┌──

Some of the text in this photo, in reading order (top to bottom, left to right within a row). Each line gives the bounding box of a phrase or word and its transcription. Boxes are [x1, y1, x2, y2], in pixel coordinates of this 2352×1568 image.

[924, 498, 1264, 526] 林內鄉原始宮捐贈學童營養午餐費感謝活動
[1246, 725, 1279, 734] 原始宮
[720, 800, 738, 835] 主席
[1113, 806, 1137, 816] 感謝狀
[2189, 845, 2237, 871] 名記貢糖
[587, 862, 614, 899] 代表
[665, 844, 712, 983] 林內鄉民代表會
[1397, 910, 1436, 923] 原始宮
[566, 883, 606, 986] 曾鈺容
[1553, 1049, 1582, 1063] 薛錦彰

└──

* [EXERCISE INSTRUCTIONS] Keeping each word as it stands, transcribe every entry.

* [RESPONSE BELOW]
Some of the text in this photo, in reading order (top to bottom, left to right within a row). Each line gives the bounding box of a phrase or word and its transcription. Boxes are [x1, y1, x2, y2], in pixel coordinates of this 2352×1568 image.

[924, 498, 1264, 526] 林內鄉原始宮捐贈學童營養午餐費感謝活動
[1246, 725, 1279, 734] 原始宮
[720, 800, 738, 835] 主席
[1113, 806, 1137, 816] 感謝狀
[2189, 845, 2237, 871] 名記貢糖
[587, 862, 614, 899] 代表
[665, 844, 712, 983] 林內鄉民代表會
[1397, 910, 1436, 923] 原始宮
[566, 883, 606, 986] 曾鈺容
[1553, 1049, 1582, 1063] 薛錦彰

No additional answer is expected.